_DATA EXTRACTS_.
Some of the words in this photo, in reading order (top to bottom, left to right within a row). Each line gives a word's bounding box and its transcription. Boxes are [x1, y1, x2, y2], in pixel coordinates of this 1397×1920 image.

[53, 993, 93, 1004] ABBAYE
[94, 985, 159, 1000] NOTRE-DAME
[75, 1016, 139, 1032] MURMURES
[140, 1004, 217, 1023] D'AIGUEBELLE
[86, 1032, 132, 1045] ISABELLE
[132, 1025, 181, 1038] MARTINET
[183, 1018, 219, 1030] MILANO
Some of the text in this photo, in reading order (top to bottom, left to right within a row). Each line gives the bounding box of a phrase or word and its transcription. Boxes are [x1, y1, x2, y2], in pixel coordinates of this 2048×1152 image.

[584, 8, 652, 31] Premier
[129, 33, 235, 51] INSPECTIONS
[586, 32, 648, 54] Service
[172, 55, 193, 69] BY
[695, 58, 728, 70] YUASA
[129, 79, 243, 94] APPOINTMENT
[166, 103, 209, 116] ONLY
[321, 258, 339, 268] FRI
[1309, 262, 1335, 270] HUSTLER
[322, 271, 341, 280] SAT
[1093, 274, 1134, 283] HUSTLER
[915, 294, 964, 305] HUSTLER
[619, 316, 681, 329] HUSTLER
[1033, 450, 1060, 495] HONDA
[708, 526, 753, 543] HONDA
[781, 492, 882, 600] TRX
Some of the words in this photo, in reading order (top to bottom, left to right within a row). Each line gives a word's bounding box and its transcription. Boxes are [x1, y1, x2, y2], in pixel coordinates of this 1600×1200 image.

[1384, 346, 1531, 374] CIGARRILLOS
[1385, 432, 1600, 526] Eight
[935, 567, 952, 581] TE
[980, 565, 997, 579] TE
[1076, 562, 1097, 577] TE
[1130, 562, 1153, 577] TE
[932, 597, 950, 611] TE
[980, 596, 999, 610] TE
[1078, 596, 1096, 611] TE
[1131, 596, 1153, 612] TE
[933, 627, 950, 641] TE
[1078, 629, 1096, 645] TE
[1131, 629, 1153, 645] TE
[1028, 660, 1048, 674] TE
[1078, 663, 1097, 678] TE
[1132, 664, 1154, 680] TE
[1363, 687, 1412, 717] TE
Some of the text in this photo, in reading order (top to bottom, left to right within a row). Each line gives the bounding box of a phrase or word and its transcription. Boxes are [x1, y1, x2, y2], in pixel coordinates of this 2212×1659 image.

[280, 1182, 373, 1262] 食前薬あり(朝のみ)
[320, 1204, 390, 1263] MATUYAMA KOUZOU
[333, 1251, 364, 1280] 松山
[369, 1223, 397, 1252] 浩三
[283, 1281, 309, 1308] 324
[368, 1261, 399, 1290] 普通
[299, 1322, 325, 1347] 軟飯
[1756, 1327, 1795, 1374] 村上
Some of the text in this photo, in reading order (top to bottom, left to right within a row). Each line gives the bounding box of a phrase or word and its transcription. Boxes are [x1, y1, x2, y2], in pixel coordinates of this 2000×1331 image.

_INSTRUCTIONS TO FOLLOW_. Return the material in its entirety, word for word.

_WRITTEN ANSWER_.
Some of the words in this photo, in reading order (top to bottom, left to right within a row). Each line gives a word's bounding box and its transcription. Boxes are [x1, y1, x2, y2], in pixel coordinates of this 1397×1920 image.

[53, 993, 93, 1004] ABBAYE
[94, 985, 159, 1000] NOTRE-DAME
[75, 1016, 139, 1032] MURMURES
[140, 1004, 217, 1023] D'AIGUEBELLE
[86, 1032, 132, 1045] ISABELLE
[132, 1025, 181, 1038] MARTINET
[183, 1018, 219, 1030] MILANO
Some of the text in this photo, in reading order (top to bottom, left to right within a row). Each line gives the bounding box of a phrase or word and its transcription. Boxes are [x1, y1, x2, y2], in pixel coordinates of this 2048×1152 image.

[584, 8, 652, 31] Premier
[129, 33, 235, 51] INSPECTIONS
[586, 32, 648, 54] Service
[172, 55, 193, 69] BY
[695, 58, 728, 70] YUASA
[129, 79, 243, 94] APPOINTMENT
[166, 103, 209, 116] ONLY
[321, 258, 339, 268] FRI
[1309, 262, 1335, 270] HUSTLER
[322, 271, 341, 280] SAT
[1093, 274, 1134, 283] HUSTLER
[915, 294, 964, 305] HUSTLER
[619, 316, 681, 329] HUSTLER
[1033, 450, 1060, 495] HONDA
[708, 526, 753, 543] HONDA
[781, 492, 882, 600] TRX
Some of the words in this photo, in reading order (top to bottom, left to right within a row). Each line gives a word's bounding box and its transcription. Boxes are [x1, y1, x2, y2], in pixel coordinates of this 1600×1200 image.

[1384, 346, 1531, 374] CIGARRILLOS
[1385, 432, 1600, 526] Eight
[935, 567, 952, 581] TE
[980, 565, 997, 579] TE
[1076, 562, 1097, 577] TE
[1130, 562, 1153, 577] TE
[932, 597, 950, 611] TE
[980, 596, 999, 610] TE
[1078, 596, 1096, 611] TE
[1131, 596, 1153, 612] TE
[933, 627, 950, 641] TE
[1078, 629, 1096, 645] TE
[1131, 629, 1153, 645] TE
[1028, 660, 1048, 674] TE
[1078, 663, 1097, 678] TE
[1132, 664, 1154, 680] TE
[1363, 687, 1412, 717] TE
Some of the text in this photo, in reading order (top to bottom, left to right within a row). Each line gives the bounding box of a phrase or word and its transcription. Boxes are [x1, y1, x2, y2], in pixel coordinates of this 2212×1659 image.

[280, 1182, 373, 1262] 食前薬あり(朝のみ)
[320, 1204, 390, 1263] MATUYAMA KOUZOU
[333, 1251, 364, 1280] 松山
[369, 1223, 397, 1252] 浩三
[283, 1281, 309, 1308] 324
[368, 1261, 399, 1290] 普通
[299, 1322, 325, 1347] 軟飯
[1756, 1327, 1795, 1374] 村上
Some of the text in this photo, in reading order (top to bottom, left to right within a row). Each line gives the bounding box of a phrase or word and its transcription. Boxes are [x1, y1, x2, y2], in pixel coordinates of this 2000×1331 image.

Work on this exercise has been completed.